⟨

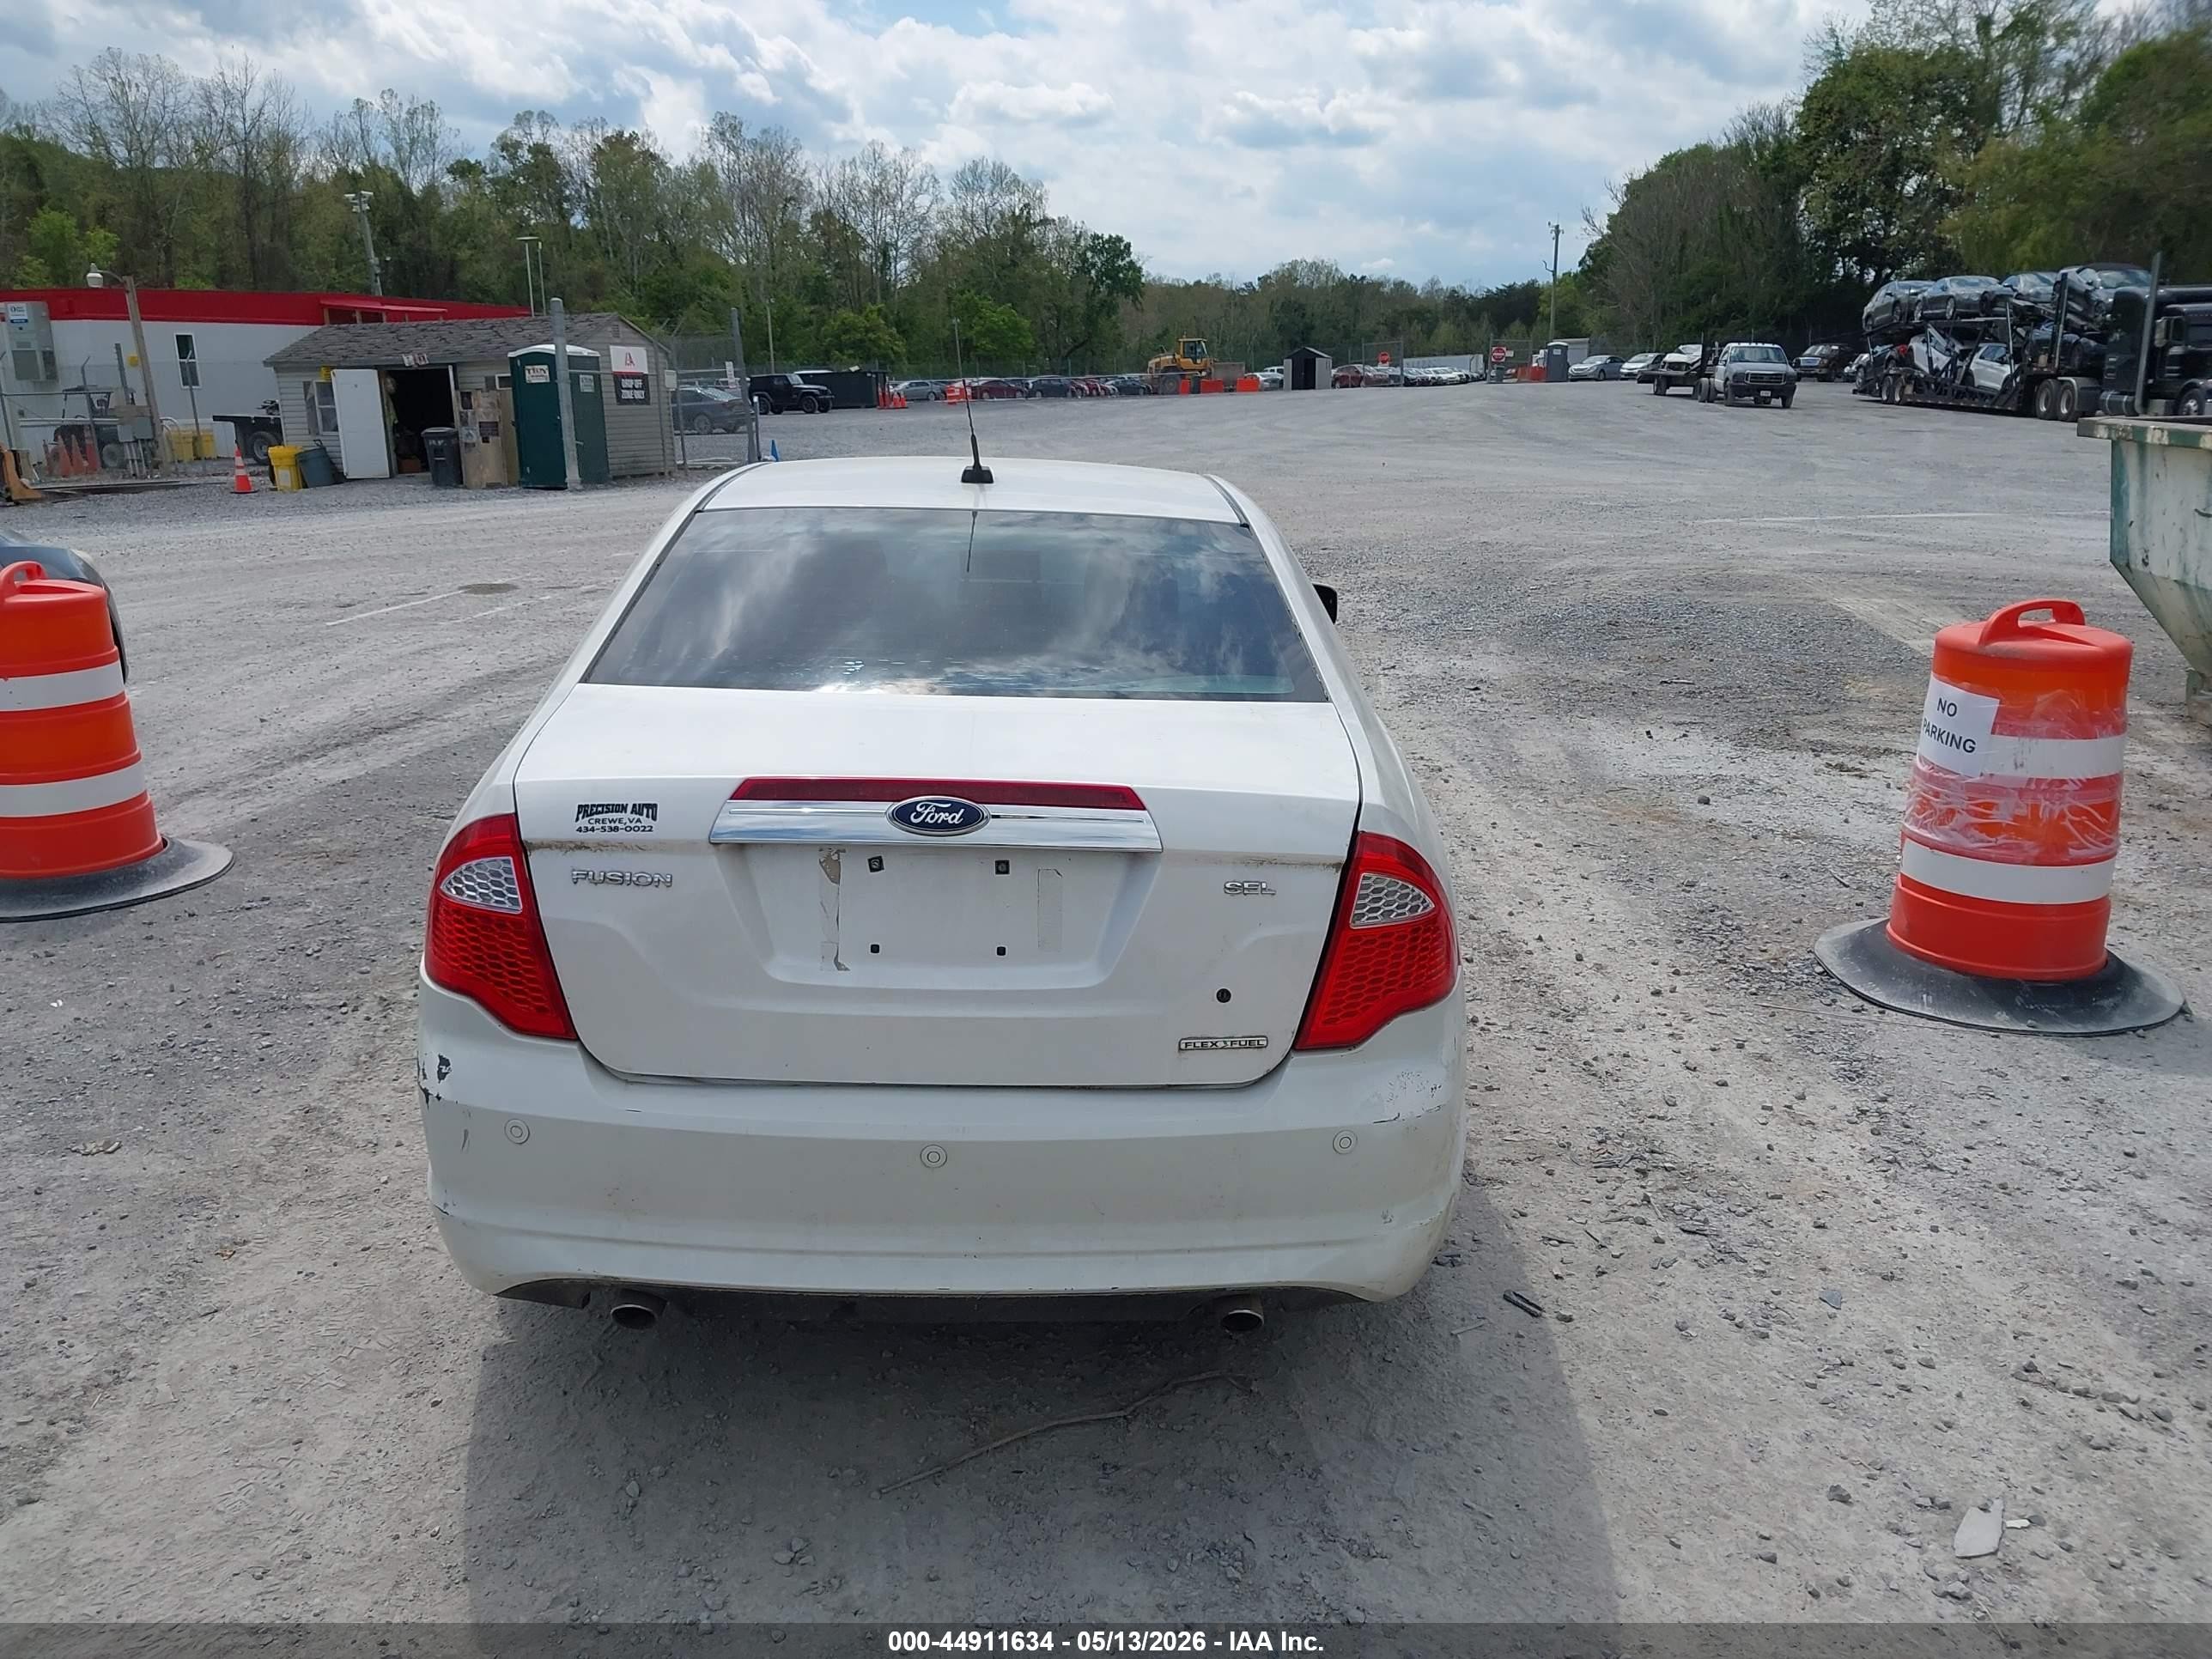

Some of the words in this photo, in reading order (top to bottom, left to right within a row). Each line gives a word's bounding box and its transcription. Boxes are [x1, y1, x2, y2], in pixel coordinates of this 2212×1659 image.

[1936, 697, 1958, 717] NO
[574, 803, 629, 823] PRECISION
[629, 803, 659, 822] AUTO
[910, 801, 965, 824] Ford
[571, 868, 673, 888] FUSION
[1224, 880, 1277, 896] SEL
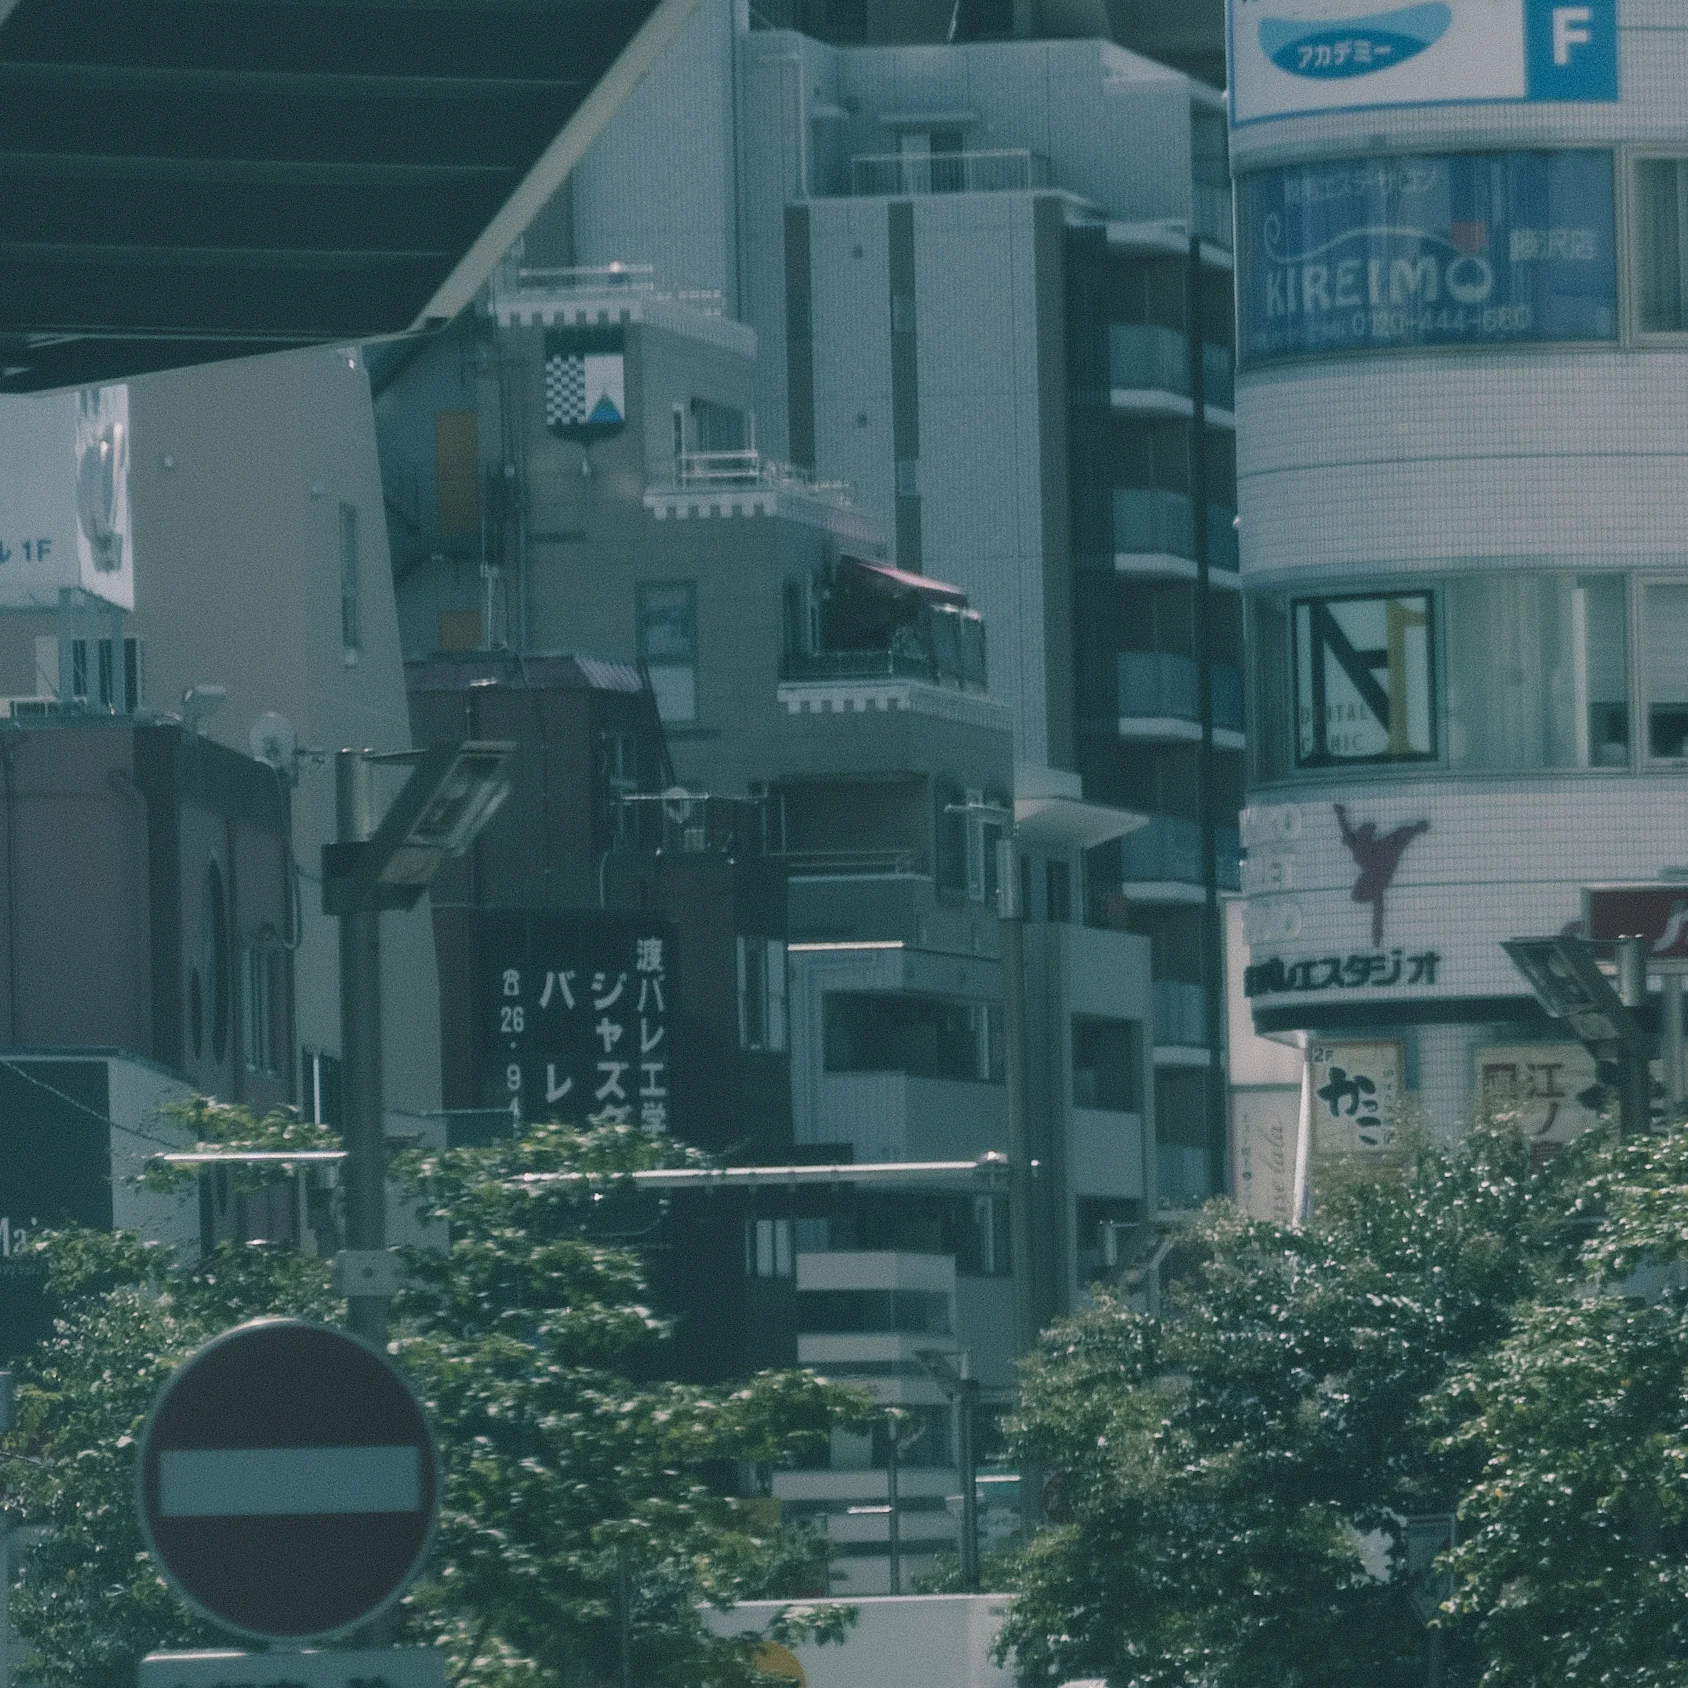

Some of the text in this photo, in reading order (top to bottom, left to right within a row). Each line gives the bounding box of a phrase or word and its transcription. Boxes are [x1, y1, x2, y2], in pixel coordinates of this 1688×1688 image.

[1297, 40, 1395, 70] アカデミー
[1264, 254, 1495, 320] KIREIMO
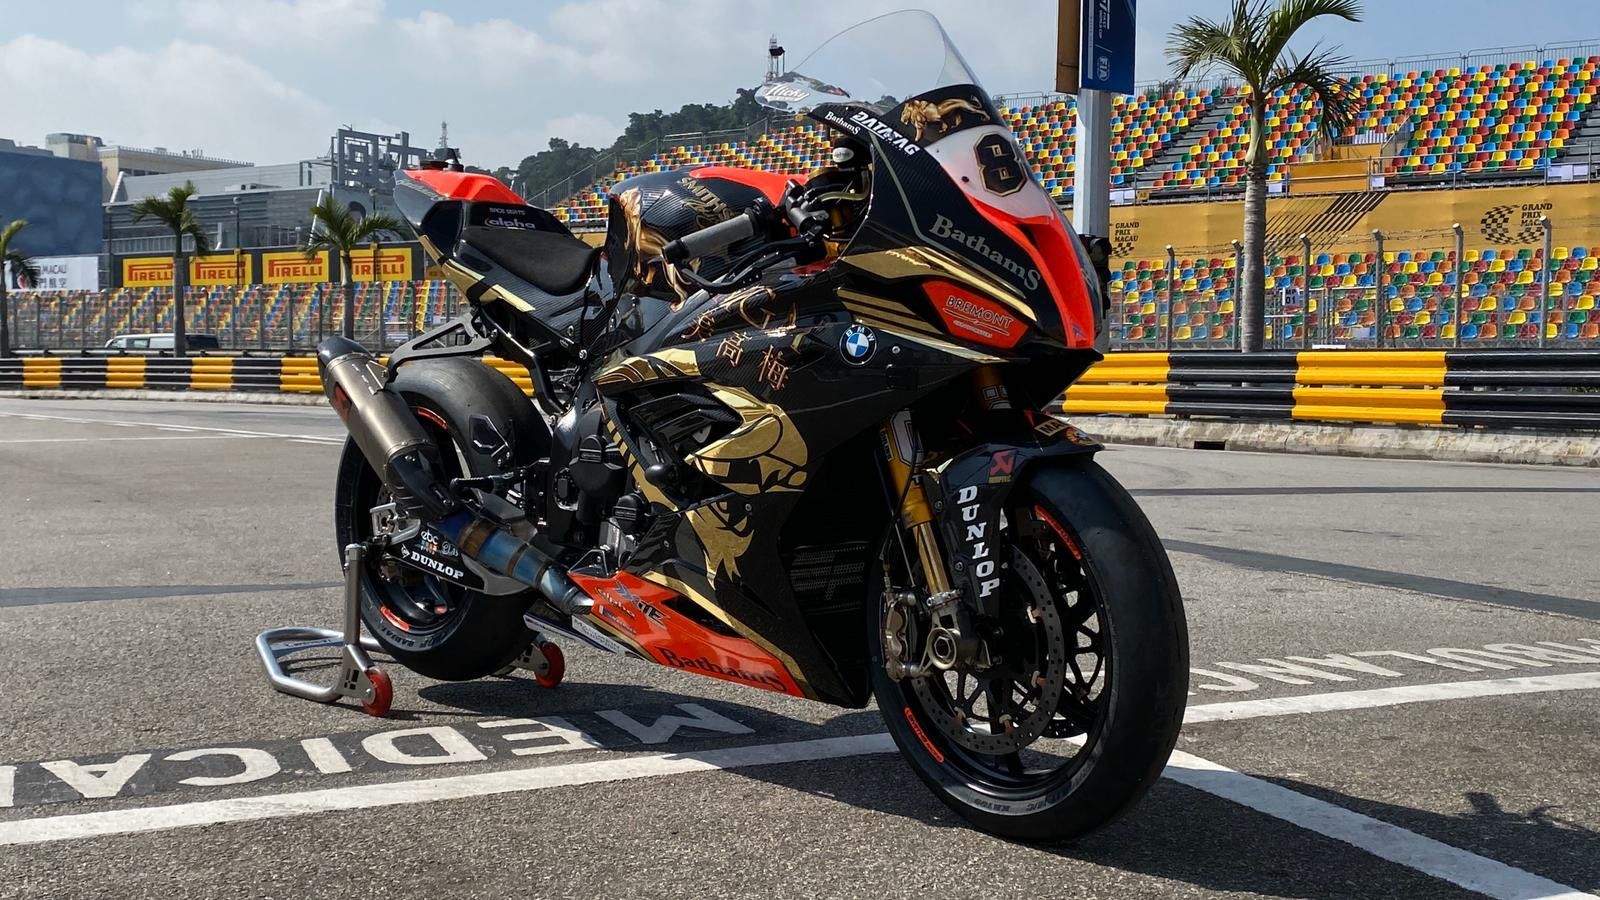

⟩

AIM OF THE TASK
Beginning with the line that holds "Some of the text" and ending with the last line of the material above, extract every line exactly, pictures excluded.

ANSWER BOX
Some of the text in this photo, in reading order (top to bottom, left to right within a row). Each line gives the bounding box of a phrase or word and its transcription. Boxes are [x1, y1, x2, y2], in pixel coordinates of this 1688×1688 image.

[1297, 40, 1395, 70] アカデミー
[1264, 254, 1495, 320] KIREIMO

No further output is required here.